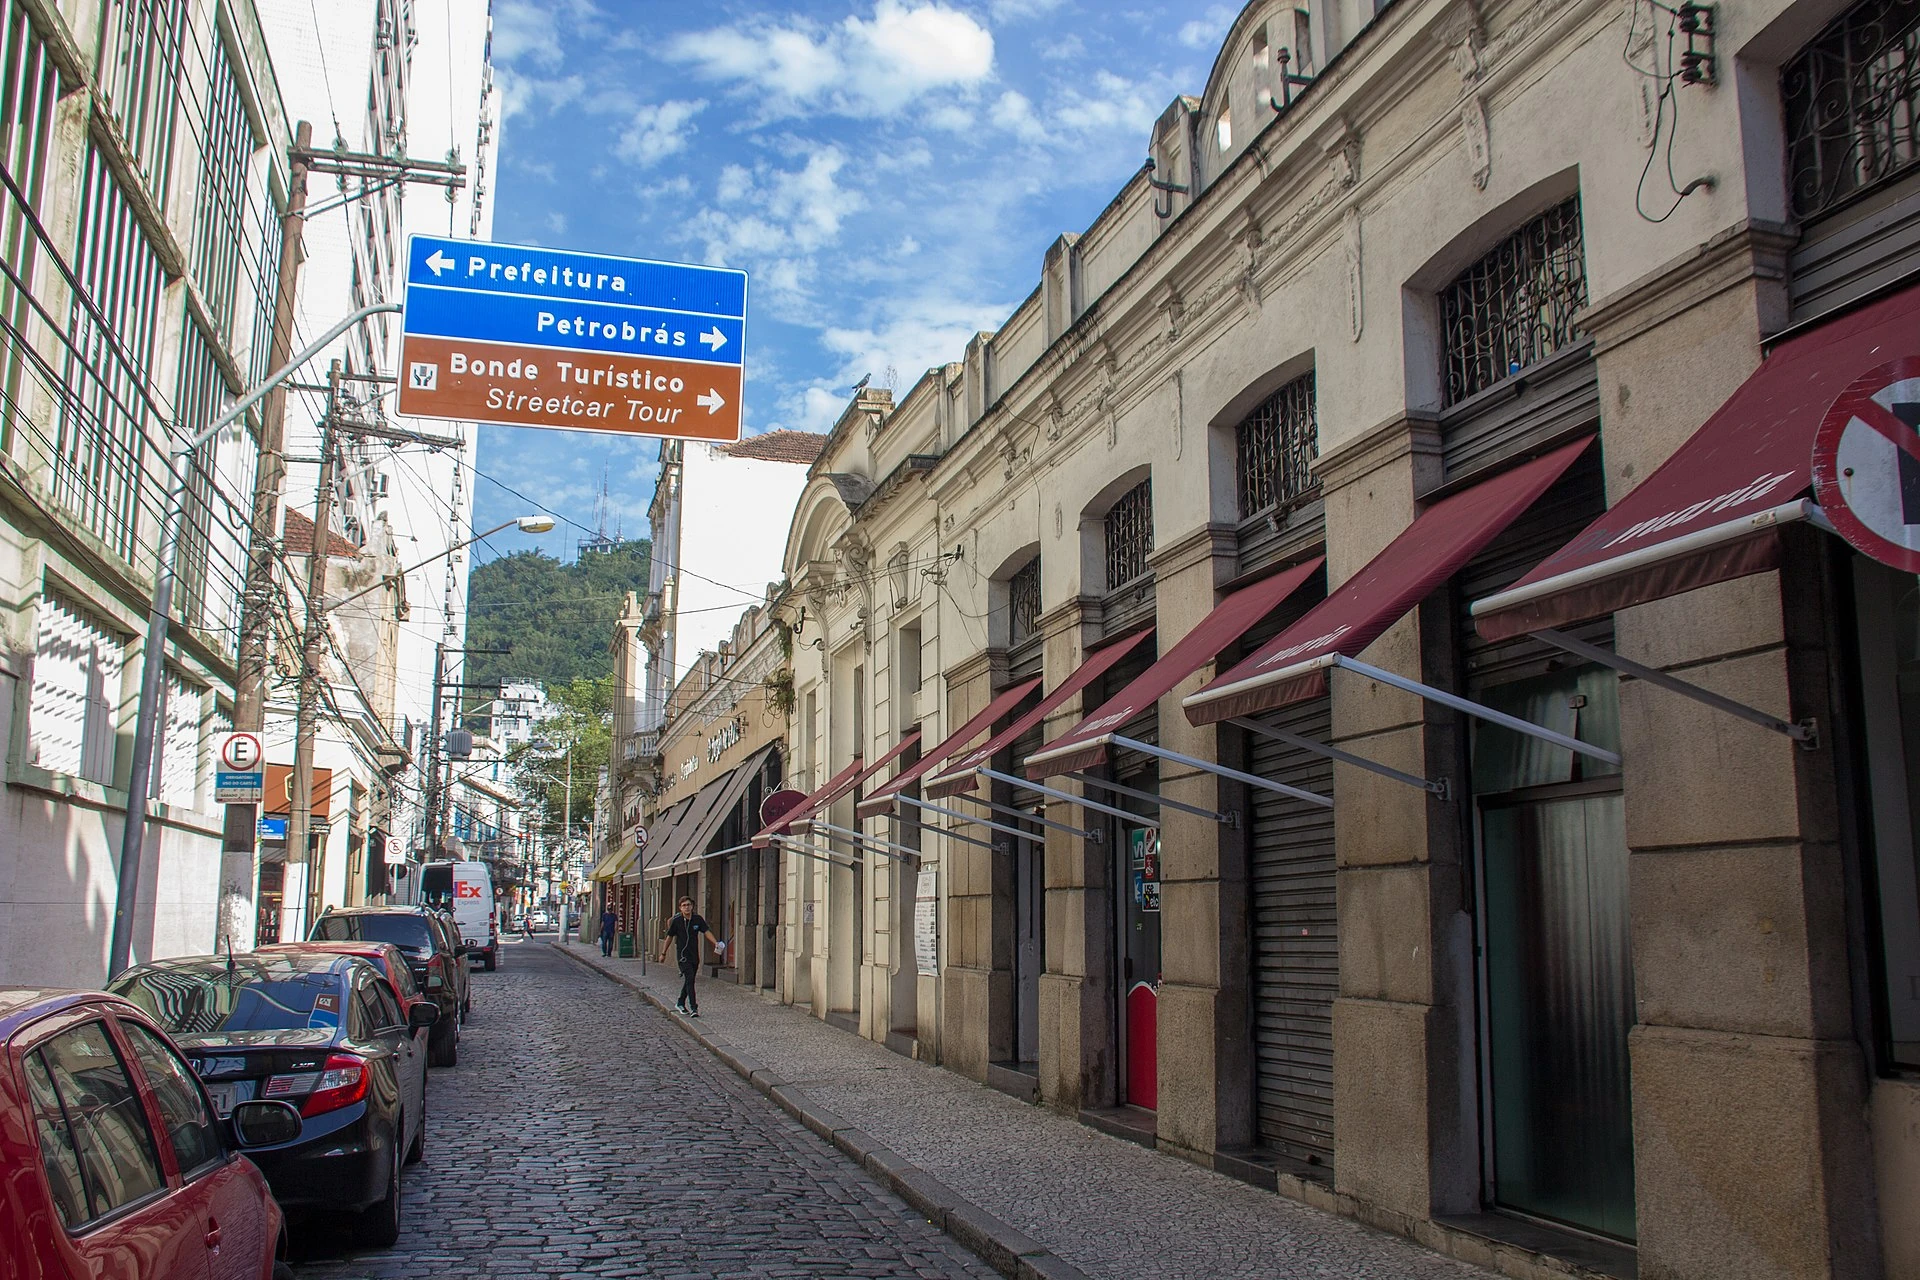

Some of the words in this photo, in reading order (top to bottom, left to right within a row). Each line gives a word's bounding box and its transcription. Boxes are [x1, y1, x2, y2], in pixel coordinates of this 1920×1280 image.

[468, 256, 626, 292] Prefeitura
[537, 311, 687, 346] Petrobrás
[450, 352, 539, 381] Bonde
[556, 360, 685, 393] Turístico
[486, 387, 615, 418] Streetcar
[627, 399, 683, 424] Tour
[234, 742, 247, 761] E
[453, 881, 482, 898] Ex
################
→ Problem requirements
The answer should hold every line of the listing, copied exactly, with no pictures.

→ Solution to this task
Some of the words in this photo, in reading order (top to bottom, left to right within a row). Each line gives a word's bounding box and its transcription. Boxes are [x1, y1, x2, y2], in pixel coordinates of this 1920×1280 image.

[468, 256, 626, 292] Prefeitura
[537, 311, 687, 346] Petrobrás
[450, 352, 539, 381] Bonde
[556, 360, 685, 393] Turístico
[486, 387, 615, 418] Streetcar
[627, 399, 683, 424] Tour
[234, 742, 247, 761] E
[453, 881, 482, 898] Ex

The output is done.